The dreaded belly bloat can be a real issue if you’ve been working hard and want to feel the effects all over your body. It can bring on a real downer but there are changes you can make to help banish the bloat for good.
Bloat is unique to the individual and there is very rarely one single specific cause. It is usually a combination of lifestyle, habits and sometimes food sensitivities or allergies.
Overeating can cause bloating and eating too fast will also make you feel uncomfortable and swollen.
Strangely, working out can be a cause of bloat, especially if you’re returning to or trying exercise for the first time. When you exercise your body enters a stressful state which triggers the release of cortisol which in turn disturbs the fluids within your body, causing it to retain water which contributes to that bloated feeling. A couple of weeks and this should be gone as your body is used to the new routine.
Bloating can be indicative of a range of medical problems too so if you are worried you should visit your GP for a full examination, especially if you experience pain alongside the bloat.
The golden rule is never to drink on an empty stomach. Also avoid carbonated alcoholic drinks and stick to low-alcohol wines and spirit mixers to help keep the bloat under control. Remember to keep your water levels up too.
They’re not for everyone but foods which are high in potassium like bananas and beetroot are a great choice for counteracting the water-retaining effects of other foods. They also counteract that exercise-induced bloat.

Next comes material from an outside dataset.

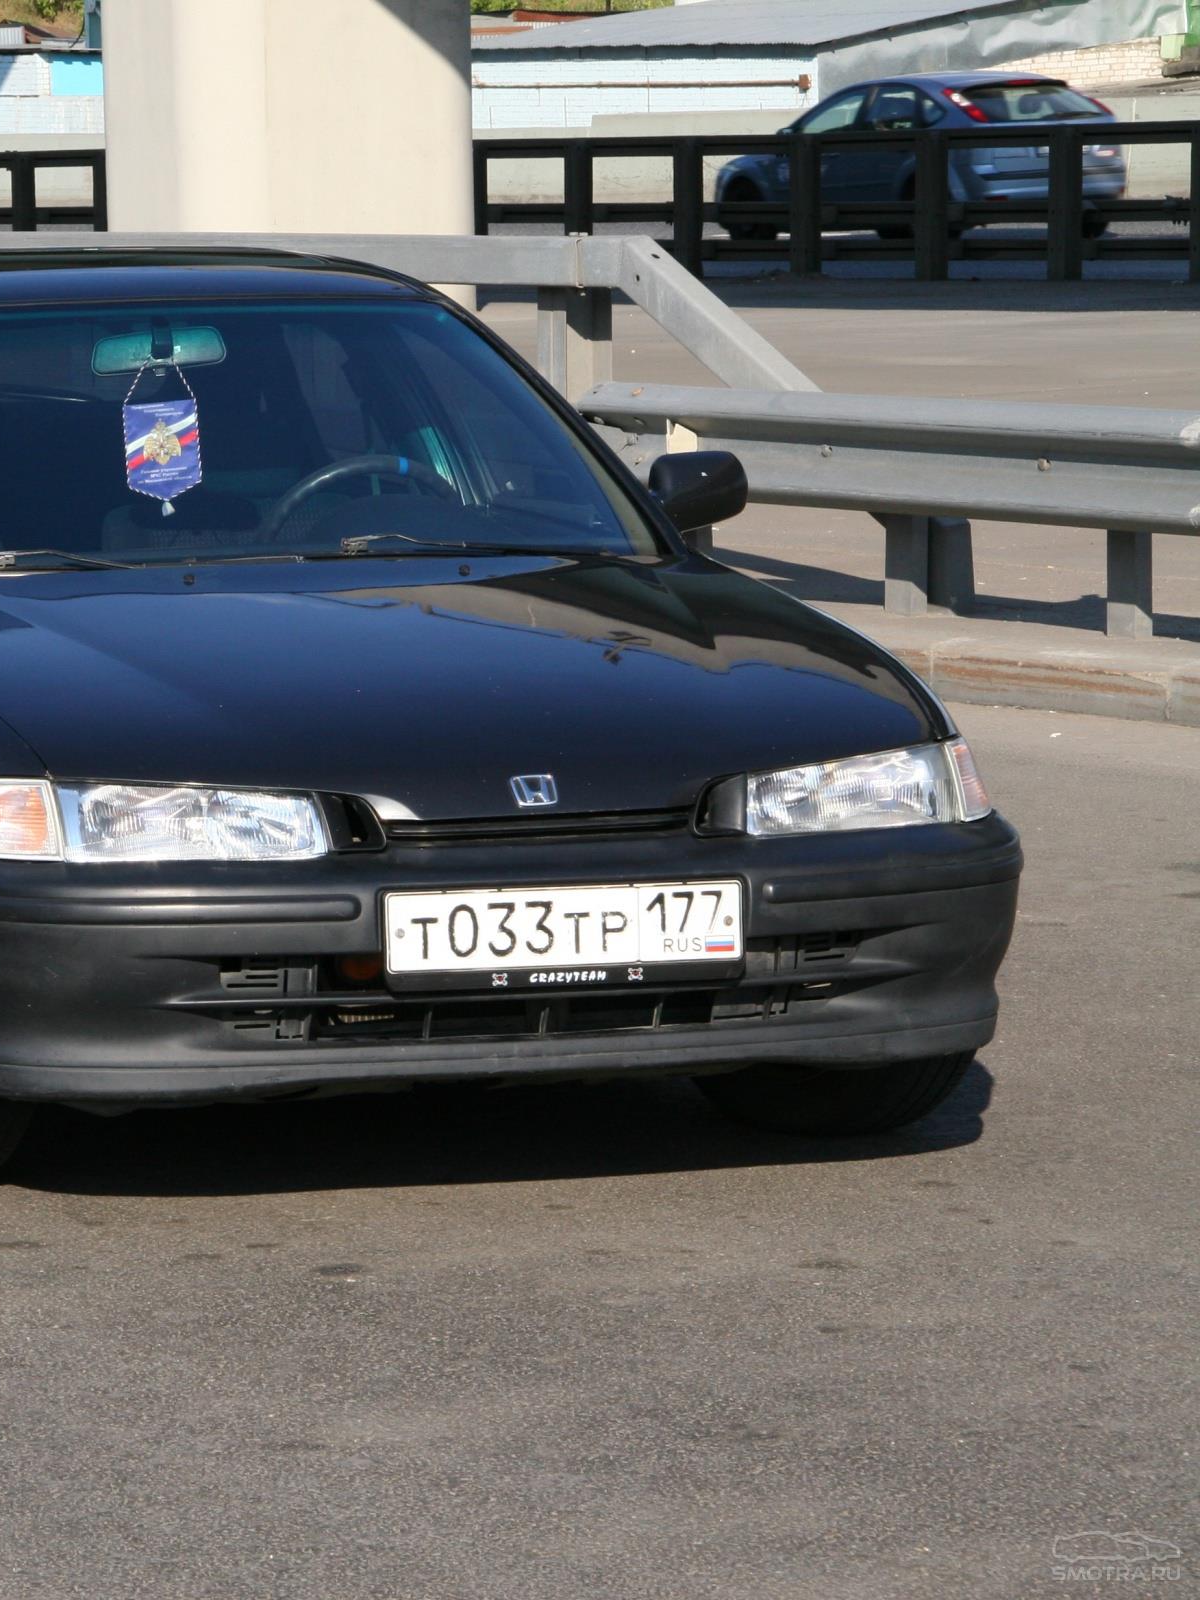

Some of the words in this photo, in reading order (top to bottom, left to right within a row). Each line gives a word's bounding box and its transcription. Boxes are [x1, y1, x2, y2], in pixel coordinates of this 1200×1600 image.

Salt tastes great but it is your enemy in the fight against the bloat. Cut out salty foods and you will retain less water.
Overeating is probably the most common cause of bloating, so start with smaller portion sizes if you find you are uncomfortable after eating. Try to stop eating before you are full - it is good practice to walk away from the table feeling like you could eat just that little bit more.
Eating rich and fatty foods can also make your body uncomfortable and feel overloaded.
Eating too fast can result in you swallowing more air and the bloat increasing.
A balance of good and bad bacteria in your gut will help to keep that bloat at bay. Imbalance can cause pain as well as bloating and therefore consider adding probiotics to your diet, to see if they help to minimise the bloat. Refined carbs can also result in imbalance so switch to slower-releasing whole-wheat alternatives if you can and your body will thank you.
Research has continually found links between digestive health and stress. Avoiding stresses in whatever way works for you, whether that’s exercising or a deep, indulgent bubble bath, is one way of helping to minimise any bloating.
Try following these tips and see if you can deflate yourself for good!